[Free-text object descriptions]
=== Begin Enclosure ===
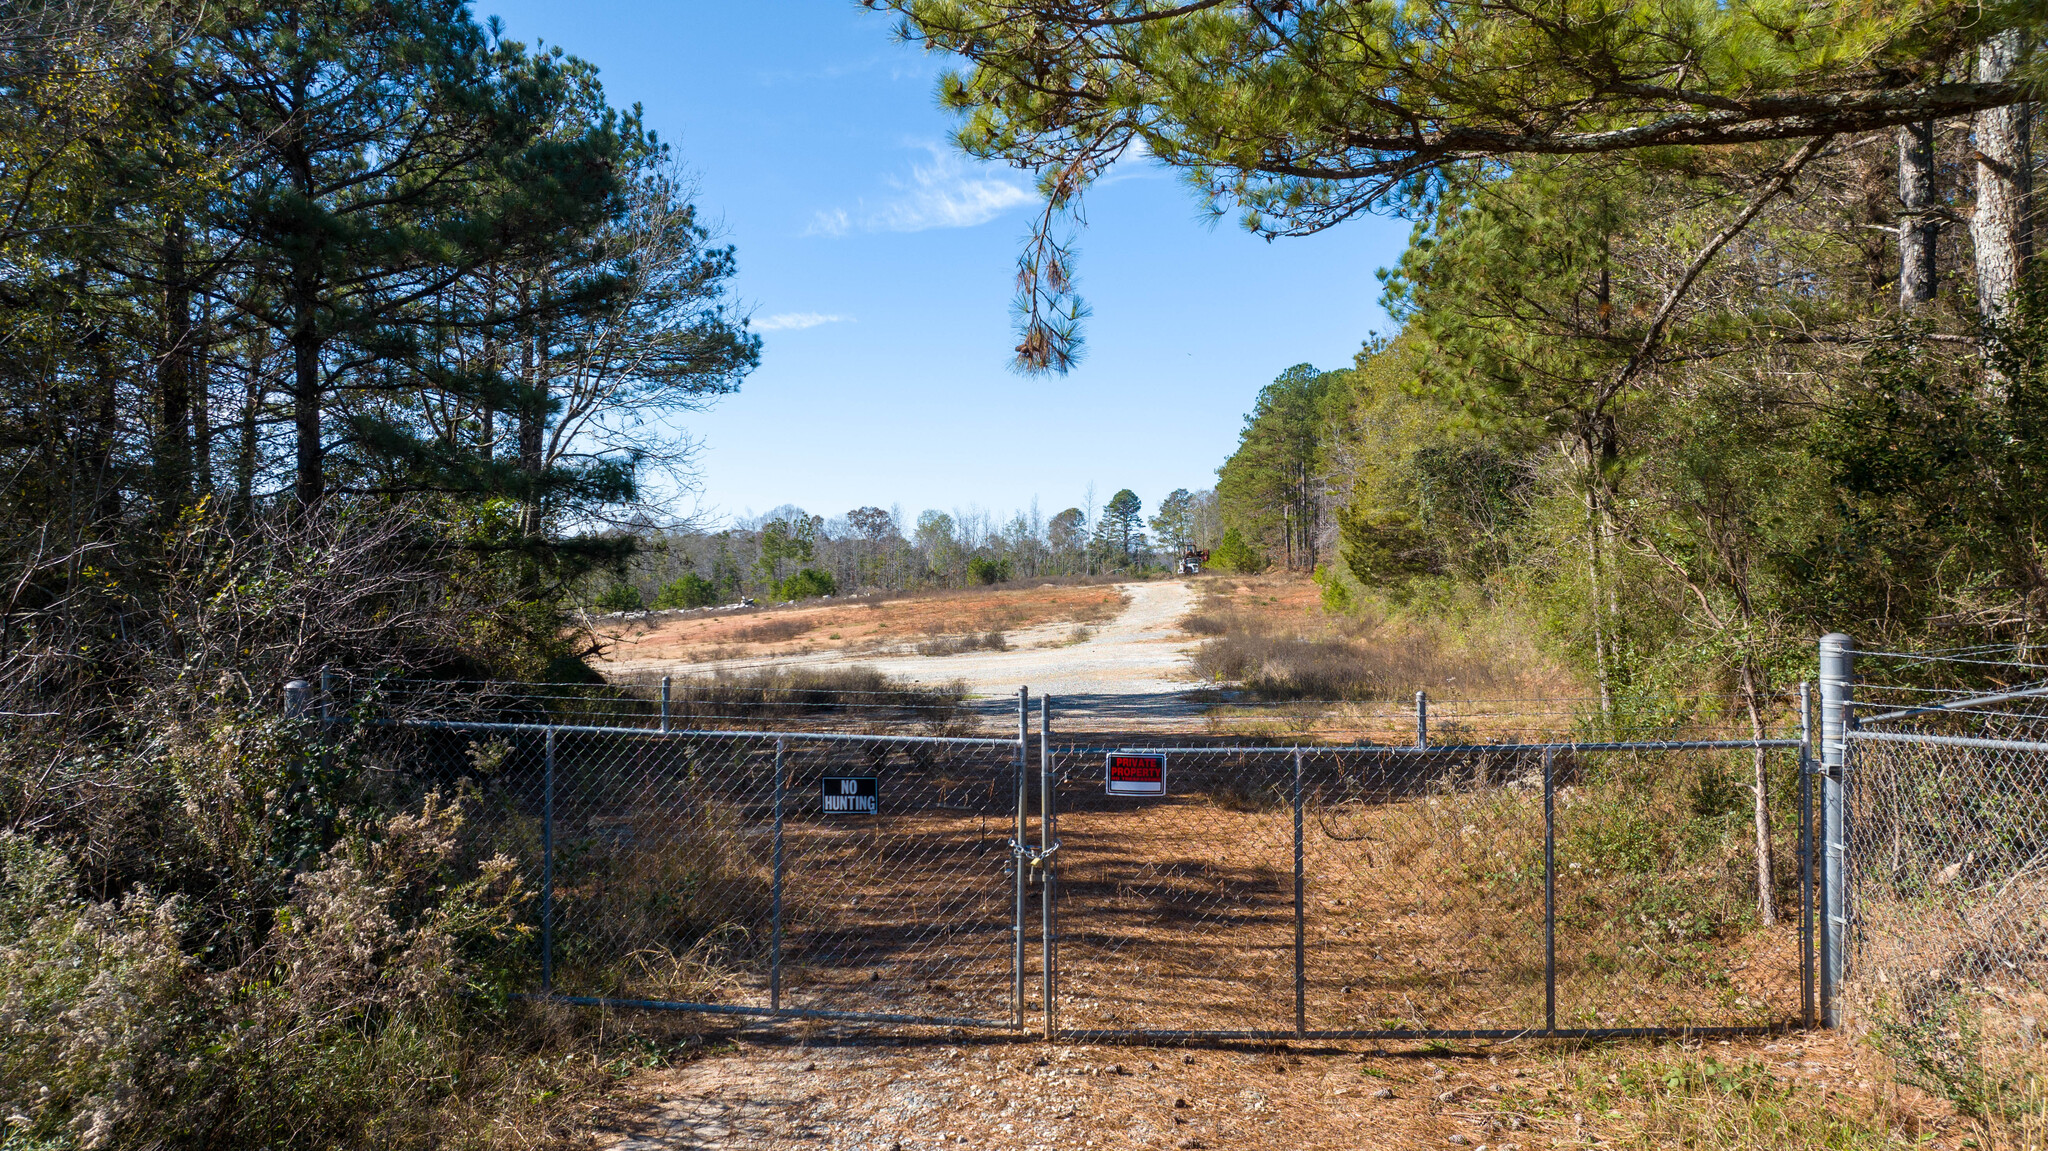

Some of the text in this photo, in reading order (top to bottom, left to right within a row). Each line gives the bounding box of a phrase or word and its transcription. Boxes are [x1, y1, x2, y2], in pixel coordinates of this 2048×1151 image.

[1116, 758, 1156, 767] PRIVATE
[1111, 767, 1161, 777] PROPERTY
[841, 779, 857, 795] NO
[824, 795, 875, 811] HUNTING
=== End Enclosure ===
Task objective:
The entries must be repeated exactly. Leave the images out.

Answer below:
Some of the text in this photo, in reading order (top to bottom, left to right within a row). Each line gives the bounding box of a phrase or word and its transcription. Boxes are [x1, y1, x2, y2], in pixel coordinates of this 2048×1151 image.

[1116, 758, 1156, 767] PRIVATE
[1111, 767, 1161, 777] PROPERTY
[841, 779, 857, 795] NO
[824, 795, 875, 811] HUNTING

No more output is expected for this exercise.